Bayesian SegNet: Model Uncertainty in Deep Convolutional Encoder-Decoder Architectures for Scene Understanding
Alex Kendall, Vijay Badrinarayanan, Roberto Cipolla

TL;DR
Bayesian SegNet introduces a probabilistic deep learning framework for pixel-wise semantic segmentation that quantifies model uncertainty, improving accuracy especially on smaller datasets.
Contribution
It presents a practical Bayesian approach using dropout at test time to estimate uncertainty in segmentation models without extra parameters.
Findings
Uncertainty modeling improves segmentation accuracy by 2-3%.
Performance gains are more significant on smaller datasets.
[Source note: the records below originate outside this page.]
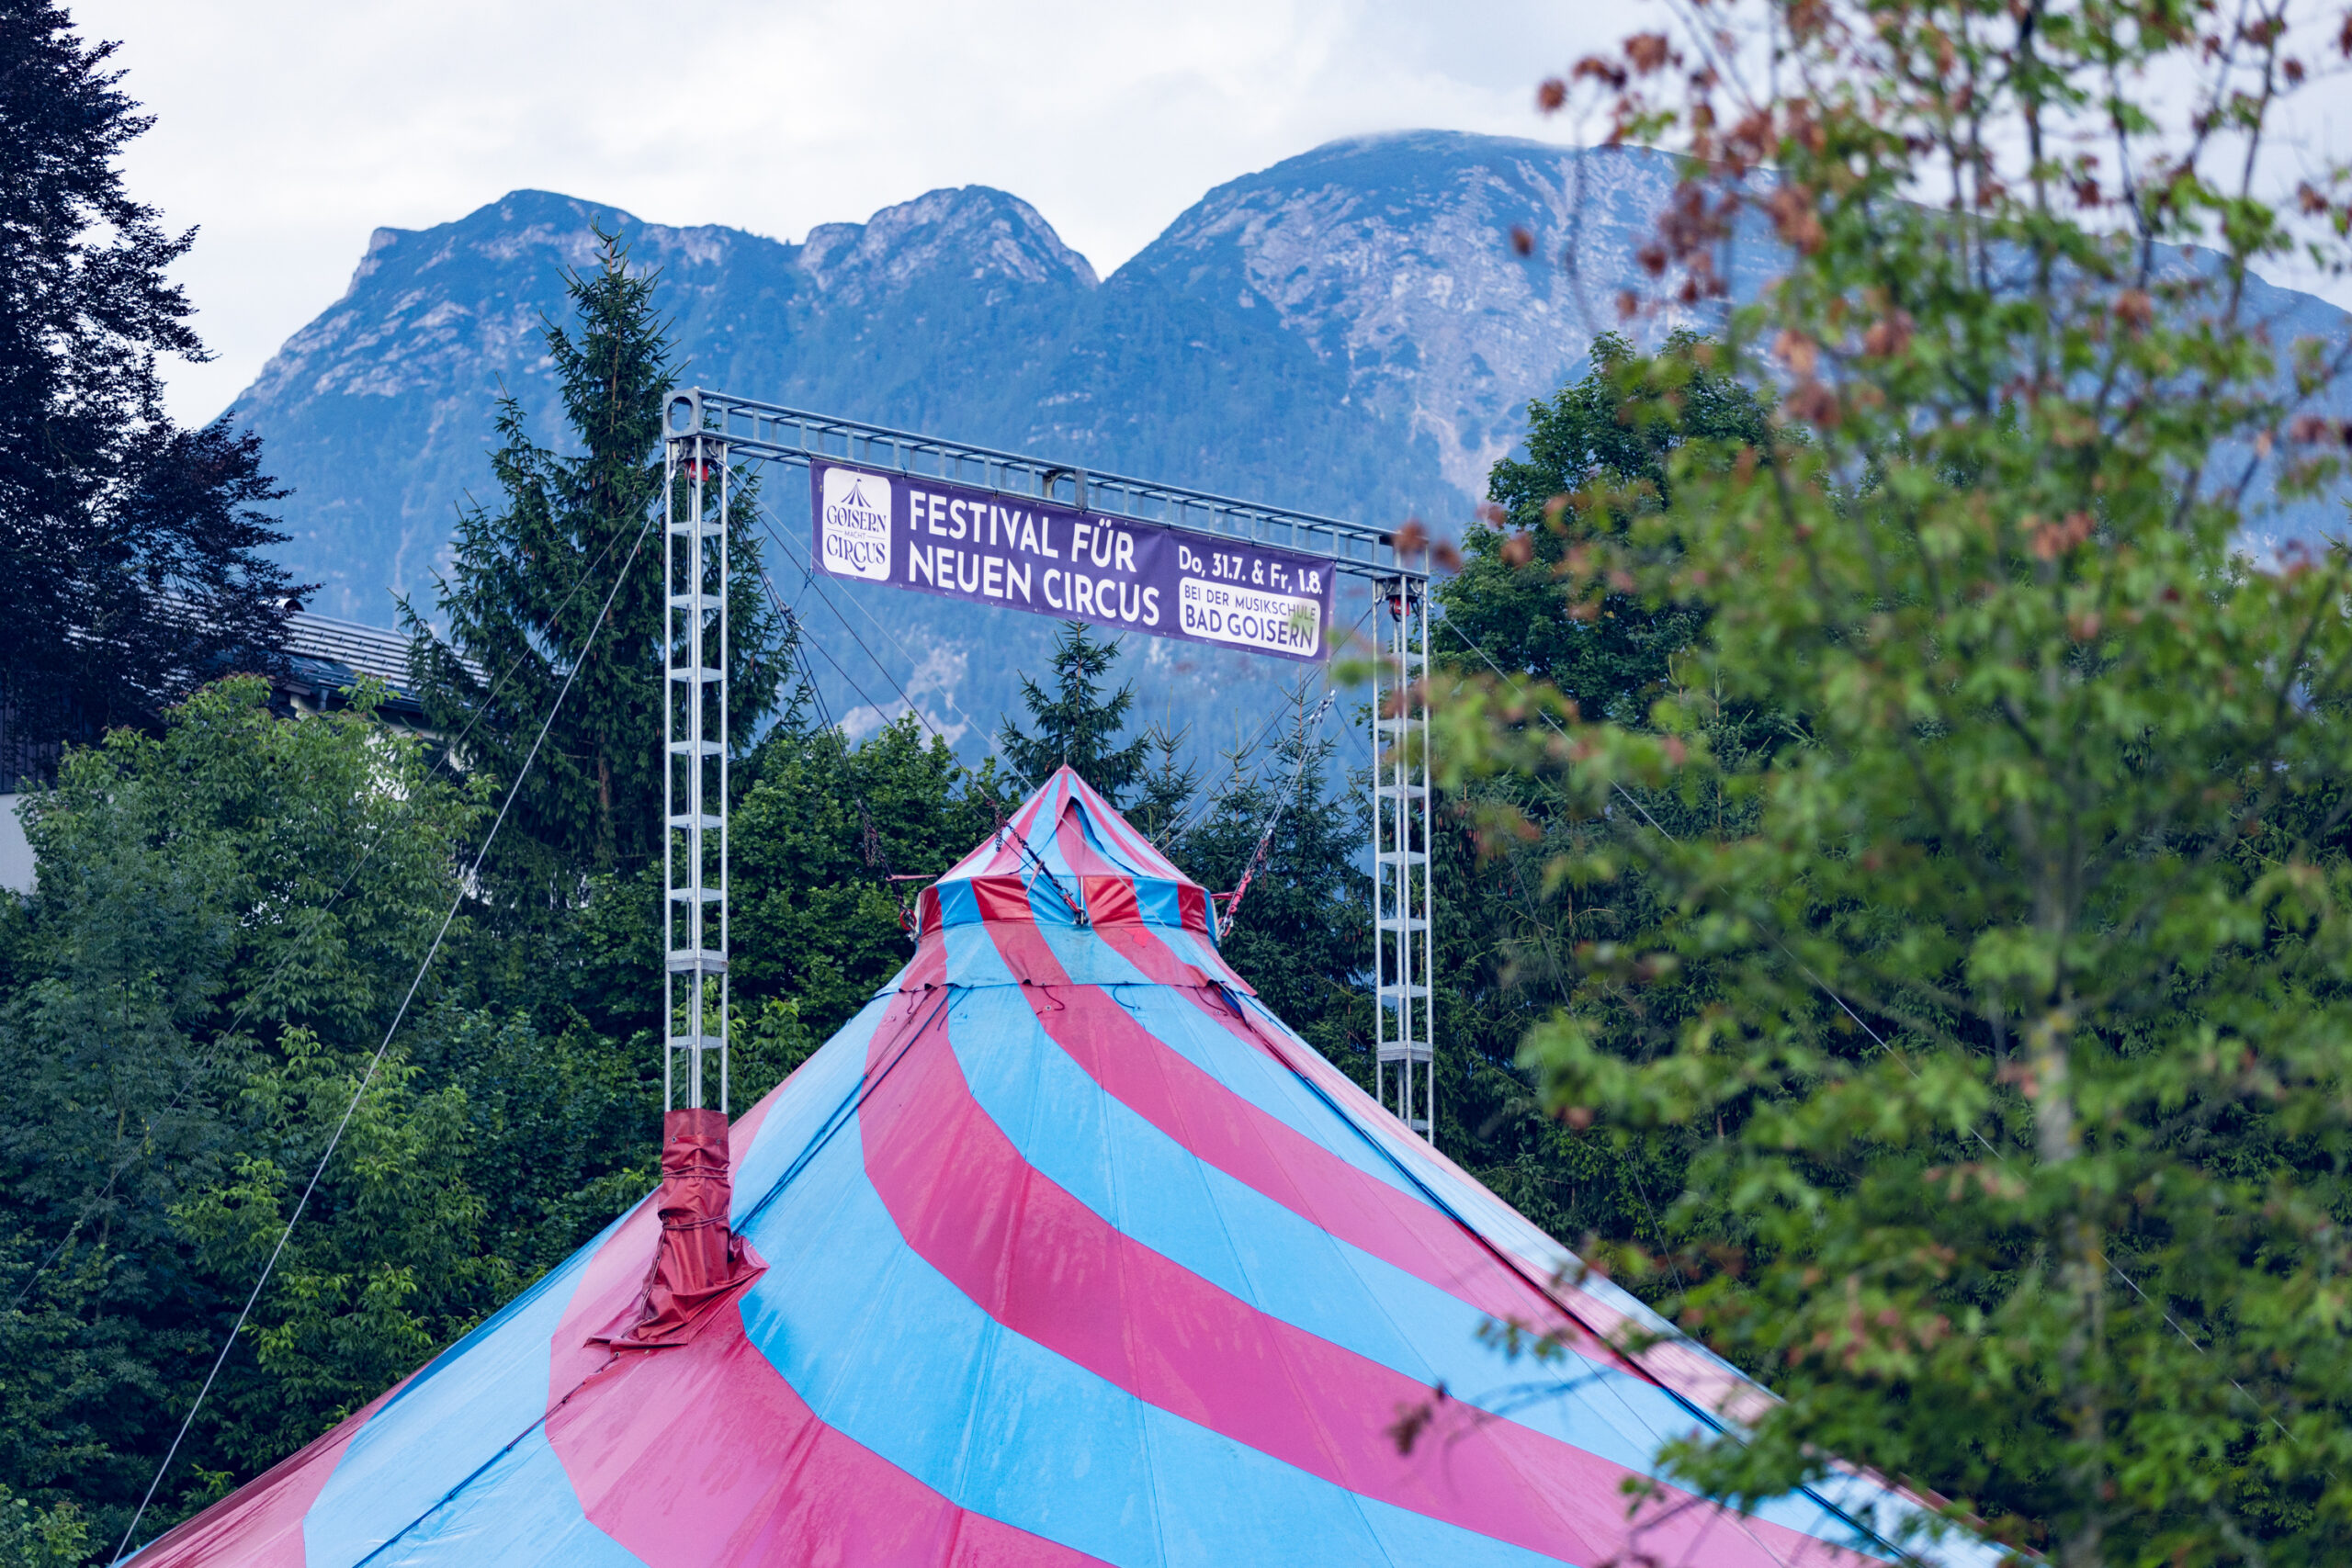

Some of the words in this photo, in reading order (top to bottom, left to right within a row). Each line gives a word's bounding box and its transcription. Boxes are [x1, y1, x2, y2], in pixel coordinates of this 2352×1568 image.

[827, 505, 886, 532] GOISERN
[844, 531, 866, 539] MACHT
[910, 490, 1058, 558] FESTIVAL
[1071, 518, 1136, 572] FÜR
[827, 534, 886, 571] CIRCUS
[1179, 545, 1205, 578] Do,
[1212, 553, 1246, 581] 31.7.
[1251, 559, 1264, 585] &
[1271, 563, 1293, 593] Fr,
[1298, 569, 1323, 594] 1.8.
[909, 540, 1031, 604] NEUEN
[1044, 569, 1159, 626] CIRCUS
[1184, 584, 1201, 601] BEI
[1206, 589, 1229, 606] DER
[1235, 595, 1316, 622] MUSIKSCHULE
[1185, 604, 1222, 633] BAD
[1227, 613, 1314, 649] GOISERN
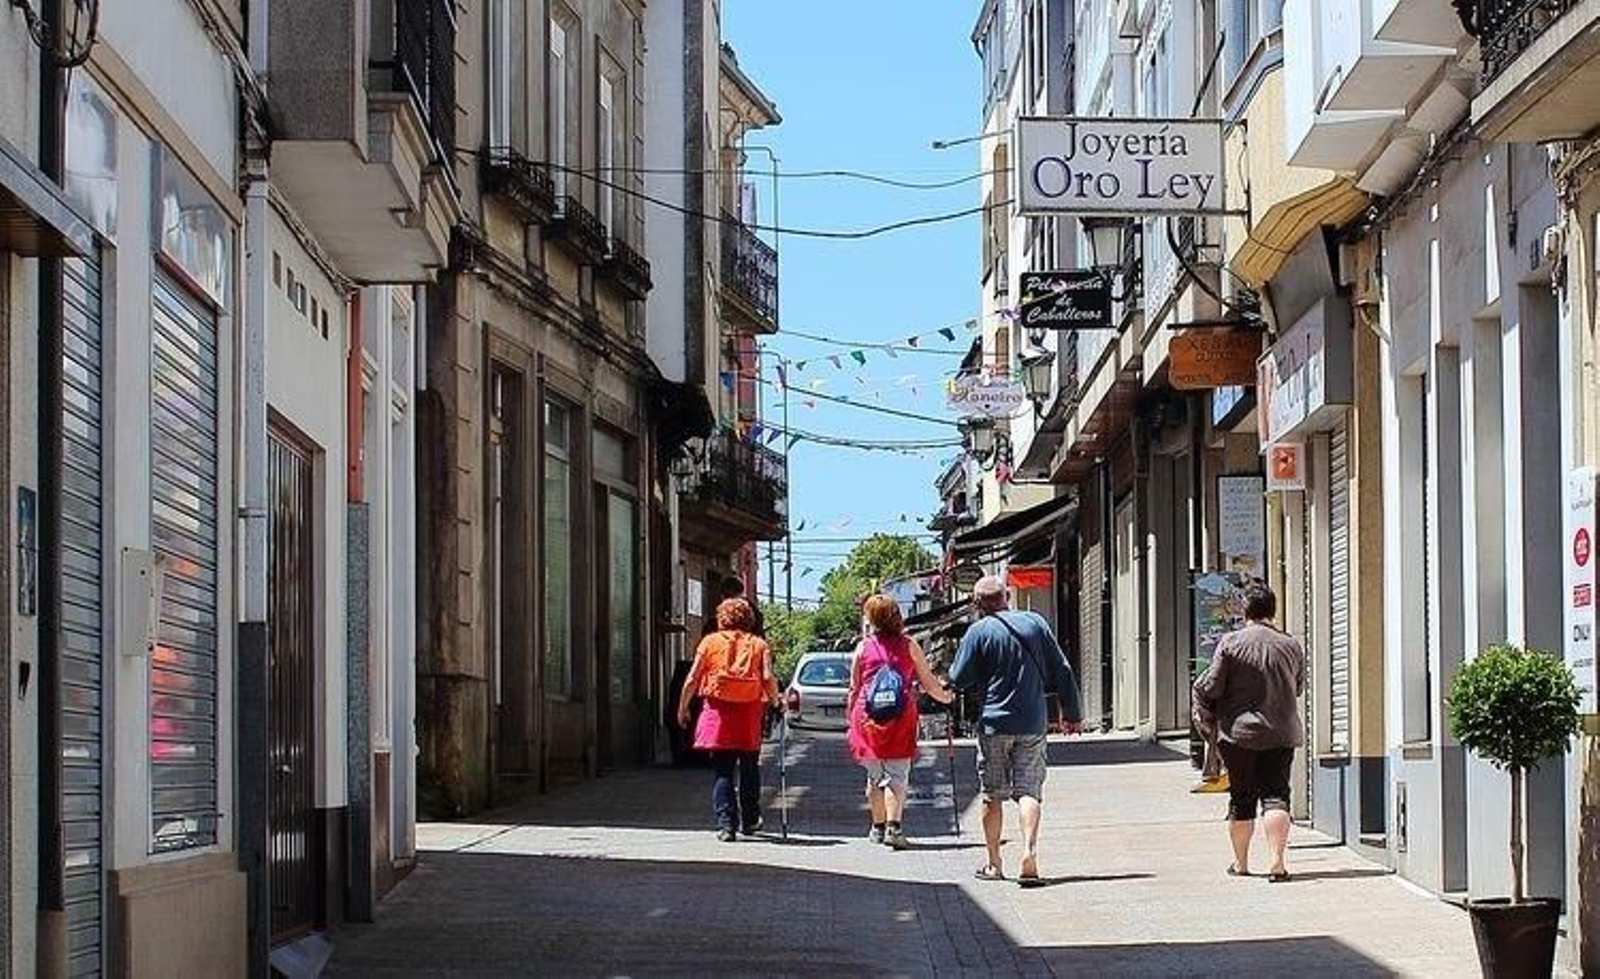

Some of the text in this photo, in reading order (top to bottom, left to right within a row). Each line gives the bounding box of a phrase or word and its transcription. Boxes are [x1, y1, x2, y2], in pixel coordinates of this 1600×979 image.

The method is validated on SUN and CamVid datasets.
Abstract
We present a deep learning framework for probabilistic pixel-wise semantic segmentation, which we term Bayesian SegNet. Semantic segmentation is an important tool for visual scene understanding and a meaningful measure of uncertainty is essential for decision making. Our contribution is a practical system which is able to predict pixel-wise class labels with a measure of model uncertainty. We achieve this by Monte Carlo sampling with dropout at test time to generate a posterior distribution of pixel class labels. In addition, we show that modelling uncertainty improves segmentation performance by 2-3% across a number of state of the art architectures such as SegNet, FCN and Dilation Network, with no additional parametrisation. We also observe a significant improvement in performance for smaller datasets where modelling uncertainty is more effective. We benchmark Bayesian SegNet on the…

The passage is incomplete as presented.